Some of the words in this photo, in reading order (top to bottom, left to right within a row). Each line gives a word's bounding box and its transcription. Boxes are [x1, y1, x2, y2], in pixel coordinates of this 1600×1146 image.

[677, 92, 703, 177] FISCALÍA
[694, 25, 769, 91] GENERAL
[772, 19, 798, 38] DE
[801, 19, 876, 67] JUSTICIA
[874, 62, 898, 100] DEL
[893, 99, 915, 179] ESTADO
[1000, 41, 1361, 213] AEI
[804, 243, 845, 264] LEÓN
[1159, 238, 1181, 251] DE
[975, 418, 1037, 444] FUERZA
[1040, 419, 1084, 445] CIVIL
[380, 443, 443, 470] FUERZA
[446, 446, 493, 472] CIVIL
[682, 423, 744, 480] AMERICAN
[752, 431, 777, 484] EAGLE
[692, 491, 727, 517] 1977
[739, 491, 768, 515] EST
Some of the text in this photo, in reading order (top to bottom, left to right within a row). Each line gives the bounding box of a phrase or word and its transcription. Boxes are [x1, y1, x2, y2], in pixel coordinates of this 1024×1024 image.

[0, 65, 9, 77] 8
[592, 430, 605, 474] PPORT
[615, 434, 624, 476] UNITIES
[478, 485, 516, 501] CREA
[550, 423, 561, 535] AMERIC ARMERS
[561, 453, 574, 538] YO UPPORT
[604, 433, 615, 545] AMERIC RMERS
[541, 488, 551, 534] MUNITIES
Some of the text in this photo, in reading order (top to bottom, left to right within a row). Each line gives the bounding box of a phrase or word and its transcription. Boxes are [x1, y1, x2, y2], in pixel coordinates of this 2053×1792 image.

Requirement:
Print out the entire listing. Keep every line exact.

Finished exercise:
Some of the words in this photo, in reading order (top to bottom, left to right within a row). Each line gives a word's bounding box and its transcription. Boxes are [x1, y1, x2, y2], in pixel coordinates of this 1600×1146 image.

[677, 92, 703, 177] FISCALÍA
[694, 25, 769, 91] GENERAL
[772, 19, 798, 38] DE
[801, 19, 876, 67] JUSTICIA
[874, 62, 898, 100] DEL
[893, 99, 915, 179] ESTADO
[1000, 41, 1361, 213] AEI
[804, 243, 845, 264] LEÓN
[1159, 238, 1181, 251] DE
[975, 418, 1037, 444] FUERZA
[1040, 419, 1084, 445] CIVIL
[380, 443, 443, 470] FUERZA
[446, 446, 493, 472] CIVIL
[682, 423, 744, 480] AMERICAN
[752, 431, 777, 484] EAGLE
[692, 491, 727, 517] 1977
[739, 491, 768, 515] EST
Some of the text in this photo, in reading order (top to bottom, left to right within a row). Each line gives the bounding box of a phrase or word and its transcription. Boxes are [x1, y1, x2, y2], in pixel coordinates of this 1024×1024 image.

[0, 65, 9, 77] 8
[592, 430, 605, 474] PPORT
[615, 434, 624, 476] UNITIES
[478, 485, 516, 501] CREA
[550, 423, 561, 535] AMERIC ARMERS
[561, 453, 574, 538] YO UPPORT
[604, 433, 615, 545] AMERIC RMERS
[541, 488, 551, 534] MUNITIES
Some of the text in this photo, in reading order (top to bottom, left to right within a row). Each line gives the bounding box of a phrase or word and its transcription. Boxes are [x1, y1, x2, y2], in pixel coordinates of this 2053×1792 image.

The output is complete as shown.